== Work order ==
Start at the top of the records below and copy them exactly to the end.

======== Supplied data ========

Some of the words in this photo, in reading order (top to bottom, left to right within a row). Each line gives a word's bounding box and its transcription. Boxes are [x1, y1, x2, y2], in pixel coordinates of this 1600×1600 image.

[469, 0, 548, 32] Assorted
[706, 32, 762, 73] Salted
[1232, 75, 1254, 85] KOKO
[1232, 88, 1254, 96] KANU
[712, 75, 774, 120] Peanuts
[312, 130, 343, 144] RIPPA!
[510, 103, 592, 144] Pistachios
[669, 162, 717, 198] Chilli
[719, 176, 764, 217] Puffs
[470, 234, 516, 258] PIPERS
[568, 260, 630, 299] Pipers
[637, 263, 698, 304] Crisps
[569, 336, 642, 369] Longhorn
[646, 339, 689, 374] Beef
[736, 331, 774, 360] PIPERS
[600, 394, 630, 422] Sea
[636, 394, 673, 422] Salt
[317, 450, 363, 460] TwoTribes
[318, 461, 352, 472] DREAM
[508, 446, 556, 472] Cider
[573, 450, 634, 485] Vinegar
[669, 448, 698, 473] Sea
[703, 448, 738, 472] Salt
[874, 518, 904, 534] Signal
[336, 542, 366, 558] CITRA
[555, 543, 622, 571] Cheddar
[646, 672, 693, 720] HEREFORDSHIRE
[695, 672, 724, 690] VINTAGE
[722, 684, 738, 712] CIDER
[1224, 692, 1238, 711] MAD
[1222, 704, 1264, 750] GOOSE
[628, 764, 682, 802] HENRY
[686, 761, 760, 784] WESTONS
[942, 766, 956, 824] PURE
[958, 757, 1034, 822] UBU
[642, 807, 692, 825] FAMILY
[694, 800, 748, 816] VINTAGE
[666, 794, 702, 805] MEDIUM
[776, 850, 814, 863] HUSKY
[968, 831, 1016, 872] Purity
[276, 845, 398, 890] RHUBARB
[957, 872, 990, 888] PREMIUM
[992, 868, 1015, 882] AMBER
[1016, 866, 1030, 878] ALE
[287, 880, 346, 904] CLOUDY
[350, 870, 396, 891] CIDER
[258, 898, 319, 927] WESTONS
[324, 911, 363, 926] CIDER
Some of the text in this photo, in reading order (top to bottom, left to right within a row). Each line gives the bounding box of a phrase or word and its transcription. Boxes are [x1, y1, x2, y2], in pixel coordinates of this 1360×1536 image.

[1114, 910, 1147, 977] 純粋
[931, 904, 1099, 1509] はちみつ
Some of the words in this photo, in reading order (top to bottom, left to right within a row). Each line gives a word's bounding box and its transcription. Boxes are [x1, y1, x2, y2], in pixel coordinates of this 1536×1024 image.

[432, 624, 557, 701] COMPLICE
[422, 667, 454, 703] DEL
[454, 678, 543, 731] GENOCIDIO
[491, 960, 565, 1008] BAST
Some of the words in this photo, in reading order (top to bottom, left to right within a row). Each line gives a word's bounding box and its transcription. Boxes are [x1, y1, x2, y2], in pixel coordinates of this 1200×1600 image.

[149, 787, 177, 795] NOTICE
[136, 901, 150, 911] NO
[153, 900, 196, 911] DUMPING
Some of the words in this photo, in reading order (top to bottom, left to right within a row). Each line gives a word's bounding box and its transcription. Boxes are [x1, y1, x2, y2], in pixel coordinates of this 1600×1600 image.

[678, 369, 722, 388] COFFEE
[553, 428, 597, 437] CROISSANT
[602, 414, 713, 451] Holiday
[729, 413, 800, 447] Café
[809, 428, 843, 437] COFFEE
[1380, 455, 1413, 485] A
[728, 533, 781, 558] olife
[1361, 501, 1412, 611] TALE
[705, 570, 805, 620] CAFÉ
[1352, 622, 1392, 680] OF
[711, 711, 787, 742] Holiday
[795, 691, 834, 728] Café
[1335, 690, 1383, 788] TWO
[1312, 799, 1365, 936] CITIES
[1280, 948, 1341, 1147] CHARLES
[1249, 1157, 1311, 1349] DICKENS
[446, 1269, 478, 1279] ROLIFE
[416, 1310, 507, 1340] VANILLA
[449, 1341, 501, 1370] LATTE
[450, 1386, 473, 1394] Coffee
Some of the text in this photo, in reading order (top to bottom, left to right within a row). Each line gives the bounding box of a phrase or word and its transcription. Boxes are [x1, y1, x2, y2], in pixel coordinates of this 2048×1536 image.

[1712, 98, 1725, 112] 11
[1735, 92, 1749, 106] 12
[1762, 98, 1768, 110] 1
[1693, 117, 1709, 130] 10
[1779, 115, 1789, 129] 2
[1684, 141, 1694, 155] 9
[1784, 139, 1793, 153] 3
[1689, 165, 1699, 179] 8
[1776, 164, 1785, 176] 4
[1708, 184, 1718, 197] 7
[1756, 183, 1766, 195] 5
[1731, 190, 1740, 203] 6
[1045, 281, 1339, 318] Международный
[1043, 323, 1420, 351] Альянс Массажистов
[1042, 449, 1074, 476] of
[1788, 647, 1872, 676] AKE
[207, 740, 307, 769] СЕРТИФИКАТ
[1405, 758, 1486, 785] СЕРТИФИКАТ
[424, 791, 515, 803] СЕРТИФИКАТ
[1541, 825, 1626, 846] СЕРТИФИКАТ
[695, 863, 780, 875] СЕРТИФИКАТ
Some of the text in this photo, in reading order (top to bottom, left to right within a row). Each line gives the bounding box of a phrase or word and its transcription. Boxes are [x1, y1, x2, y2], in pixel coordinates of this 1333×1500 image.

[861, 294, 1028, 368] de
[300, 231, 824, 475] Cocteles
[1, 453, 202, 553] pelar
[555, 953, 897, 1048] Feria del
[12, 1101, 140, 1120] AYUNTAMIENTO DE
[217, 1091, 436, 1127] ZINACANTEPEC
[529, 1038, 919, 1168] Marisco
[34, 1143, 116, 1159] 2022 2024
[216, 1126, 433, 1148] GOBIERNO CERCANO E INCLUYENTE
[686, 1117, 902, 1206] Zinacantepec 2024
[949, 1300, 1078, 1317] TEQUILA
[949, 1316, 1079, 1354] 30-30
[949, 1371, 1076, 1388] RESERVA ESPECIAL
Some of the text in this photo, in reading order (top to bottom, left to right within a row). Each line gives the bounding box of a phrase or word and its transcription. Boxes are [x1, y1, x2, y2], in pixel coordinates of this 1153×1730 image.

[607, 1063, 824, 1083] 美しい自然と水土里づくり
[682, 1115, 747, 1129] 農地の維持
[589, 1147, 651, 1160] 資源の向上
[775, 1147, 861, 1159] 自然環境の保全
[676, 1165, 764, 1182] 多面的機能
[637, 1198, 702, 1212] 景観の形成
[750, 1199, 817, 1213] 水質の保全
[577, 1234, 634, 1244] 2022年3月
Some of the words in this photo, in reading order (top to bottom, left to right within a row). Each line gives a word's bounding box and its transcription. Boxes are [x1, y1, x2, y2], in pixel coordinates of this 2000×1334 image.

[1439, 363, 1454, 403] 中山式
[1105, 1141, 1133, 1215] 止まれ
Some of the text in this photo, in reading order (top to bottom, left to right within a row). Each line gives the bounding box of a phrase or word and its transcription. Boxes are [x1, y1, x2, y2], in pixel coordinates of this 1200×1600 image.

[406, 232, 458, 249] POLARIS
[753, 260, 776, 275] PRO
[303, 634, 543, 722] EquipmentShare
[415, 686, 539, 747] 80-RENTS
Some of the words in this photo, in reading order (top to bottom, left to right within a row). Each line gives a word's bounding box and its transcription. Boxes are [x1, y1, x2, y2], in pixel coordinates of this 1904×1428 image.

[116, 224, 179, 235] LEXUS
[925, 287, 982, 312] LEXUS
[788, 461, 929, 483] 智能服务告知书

========

== Answer to the exercise ==
Some of the words in this photo, in reading order (top to bottom, left to right within a row). Each line gives a word's bounding box and its transcription. Boxes are [x1, y1, x2, y2], in pixel coordinates of this 1600×1600 image.

[469, 0, 548, 32] Assorted
[706, 32, 762, 73] Salted
[1232, 75, 1254, 85] KOKO
[1232, 88, 1254, 96] KANU
[712, 75, 774, 120] Peanuts
[312, 130, 343, 144] RIPPA!
[510, 103, 592, 144] Pistachios
[669, 162, 717, 198] Chilli
[719, 176, 764, 217] Puffs
[470, 234, 516, 258] PIPERS
[568, 260, 630, 299] Pipers
[637, 263, 698, 304] Crisps
[569, 336, 642, 369] Longhorn
[646, 339, 689, 374] Beef
[736, 331, 774, 360] PIPERS
[600, 394, 630, 422] Sea
[636, 394, 673, 422] Salt
[317, 450, 363, 460] TwoTribes
[318, 461, 352, 472] DREAM
[508, 446, 556, 472] Cider
[573, 450, 634, 485] Vinegar
[669, 448, 698, 473] Sea
[703, 448, 738, 472] Salt
[874, 518, 904, 534] Signal
[336, 542, 366, 558] CITRA
[555, 543, 622, 571] Cheddar
[646, 672, 693, 720] HEREFORDSHIRE
[695, 672, 724, 690] VINTAGE
[722, 684, 738, 712] CIDER
[1224, 692, 1238, 711] MAD
[1222, 704, 1264, 750] GOOSE
[628, 764, 682, 802] HENRY
[686, 761, 760, 784] WESTONS
[942, 766, 956, 824] PURE
[958, 757, 1034, 822] UBU
[642, 807, 692, 825] FAMILY
[694, 800, 748, 816] VINTAGE
[666, 794, 702, 805] MEDIUM
[776, 850, 814, 863] HUSKY
[968, 831, 1016, 872] Purity
[276, 845, 398, 890] RHUBARB
[957, 872, 990, 888] PREMIUM
[992, 868, 1015, 882] AMBER
[1016, 866, 1030, 878] ALE
[287, 880, 346, 904] CLOUDY
[350, 870, 396, 891] CIDER
[258, 898, 319, 927] WESTONS
[324, 911, 363, 926] CIDER
Some of the text in this photo, in reading order (top to bottom, left to right within a row). Each line gives the bounding box of a phrase or word and its transcription. Boxes are [x1, y1, x2, y2], in pixel coordinates of this 1360×1536 image.

[1114, 910, 1147, 977] 純粋
[931, 904, 1099, 1509] はちみつ
Some of the words in this photo, in reading order (top to bottom, left to right within a row). Each line gives a word's bounding box and its transcription. Boxes are [x1, y1, x2, y2], in pixel coordinates of this 1536×1024 image.

[432, 624, 557, 701] COMPLICE
[422, 667, 454, 703] DEL
[454, 678, 543, 731] GENOCIDIO
[491, 960, 565, 1008] BAST
Some of the words in this photo, in reading order (top to bottom, left to right within a row). Each line gives a word's bounding box and its transcription. Boxes are [x1, y1, x2, y2], in pixel coordinates of this 1200×1600 image.

[149, 787, 177, 795] NOTICE
[136, 901, 150, 911] NO
[153, 900, 196, 911] DUMPING
Some of the words in this photo, in reading order (top to bottom, left to right within a row). Each line gives a word's bounding box and its transcription. Boxes are [x1, y1, x2, y2], in pixel coordinates of this 1600×1600 image.

[678, 369, 722, 388] COFFEE
[553, 428, 597, 437] CROISSANT
[602, 414, 713, 451] Holiday
[729, 413, 800, 447] Café
[809, 428, 843, 437] COFFEE
[1380, 455, 1413, 485] A
[728, 533, 781, 558] olife
[1361, 501, 1412, 611] TALE
[705, 570, 805, 620] CAFÉ
[1352, 622, 1392, 680] OF
[711, 711, 787, 742] Holiday
[795, 691, 834, 728] Café
[1335, 690, 1383, 788] TWO
[1312, 799, 1365, 936] CITIES
[1280, 948, 1341, 1147] CHARLES
[1249, 1157, 1311, 1349] DICKENS
[446, 1269, 478, 1279] ROLIFE
[416, 1310, 507, 1340] VANILLA
[449, 1341, 501, 1370] LATTE
[450, 1386, 473, 1394] Coffee
Some of the text in this photo, in reading order (top to bottom, left to right within a row). Each line gives the bounding box of a phrase or word and its transcription. Boxes are [x1, y1, x2, y2], in pixel coordinates of this 2048×1536 image.

[1712, 98, 1725, 112] 11
[1735, 92, 1749, 106] 12
[1762, 98, 1768, 110] 1
[1693, 117, 1709, 130] 10
[1779, 115, 1789, 129] 2
[1684, 141, 1694, 155] 9
[1784, 139, 1793, 153] 3
[1689, 165, 1699, 179] 8
[1776, 164, 1785, 176] 4
[1708, 184, 1718, 197] 7
[1756, 183, 1766, 195] 5
[1731, 190, 1740, 203] 6
[1045, 281, 1339, 318] Международный
[1043, 323, 1420, 351] Альянс Массажистов
[1042, 449, 1074, 476] of
[1788, 647, 1872, 676] AKE
[207, 740, 307, 769] СЕРТИФИКАТ
[1405, 758, 1486, 785] СЕРТИФИКАТ
[424, 791, 515, 803] СЕРТИФИКАТ
[1541, 825, 1626, 846] СЕРТИФИКАТ
[695, 863, 780, 875] СЕРТИФИКАТ
Some of the text in this photo, in reading order (top to bottom, left to right within a row). Each line gives the bounding box of a phrase or word and its transcription. Boxes are [x1, y1, x2, y2], in pixel coordinates of this 1333×1500 image.

[861, 294, 1028, 368] de
[300, 231, 824, 475] Cocteles
[1, 453, 202, 553] pelar
[555, 953, 897, 1048] Feria del
[12, 1101, 140, 1120] AYUNTAMIENTO DE
[217, 1091, 436, 1127] ZINACANTEPEC
[529, 1038, 919, 1168] Marisco
[34, 1143, 116, 1159] 2022 2024
[216, 1126, 433, 1148] GOBIERNO CERCANO E INCLUYENTE
[686, 1117, 902, 1206] Zinacantepec 2024
[949, 1300, 1078, 1317] TEQUILA
[949, 1316, 1079, 1354] 30-30
[949, 1371, 1076, 1388] RESERVA ESPECIAL
Some of the text in this photo, in reading order (top to bottom, left to right within a row). Each line gives the bounding box of a phrase or word and its transcription. Boxes are [x1, y1, x2, y2], in pixel coordinates of this 1153×1730 image.

[607, 1063, 824, 1083] 美しい自然と水土里づくり
[682, 1115, 747, 1129] 農地の維持
[589, 1147, 651, 1160] 資源の向上
[775, 1147, 861, 1159] 自然環境の保全
[676, 1165, 764, 1182] 多面的機能
[637, 1198, 702, 1212] 景観の形成
[750, 1199, 817, 1213] 水質の保全
[577, 1234, 634, 1244] 2022年3月
Some of the words in this photo, in reading order (top to bottom, left to right within a row). Each line gives a word's bounding box and its transcription. Boxes are [x1, y1, x2, y2], in pixel coordinates of this 2000×1334 image.

[1439, 363, 1454, 403] 中山式
[1105, 1141, 1133, 1215] 止まれ
Some of the text in this photo, in reading order (top to bottom, left to right within a row). Each line gives the bounding box of a phrase or word and its transcription. Boxes are [x1, y1, x2, y2], in pixel coordinates of this 1200×1600 image.

[406, 232, 458, 249] POLARIS
[753, 260, 776, 275] PRO
[303, 634, 543, 722] EquipmentShare
[415, 686, 539, 747] 80-RENTS
Some of the words in this photo, in reading order (top to bottom, left to right within a row). Each line gives a word's bounding box and its transcription. Boxes are [x1, y1, x2, y2], in pixel coordinates of this 1904×1428 image.

[116, 224, 179, 235] LEXUS
[925, 287, 982, 312] LEXUS
[788, 461, 929, 483] 智能服务告知书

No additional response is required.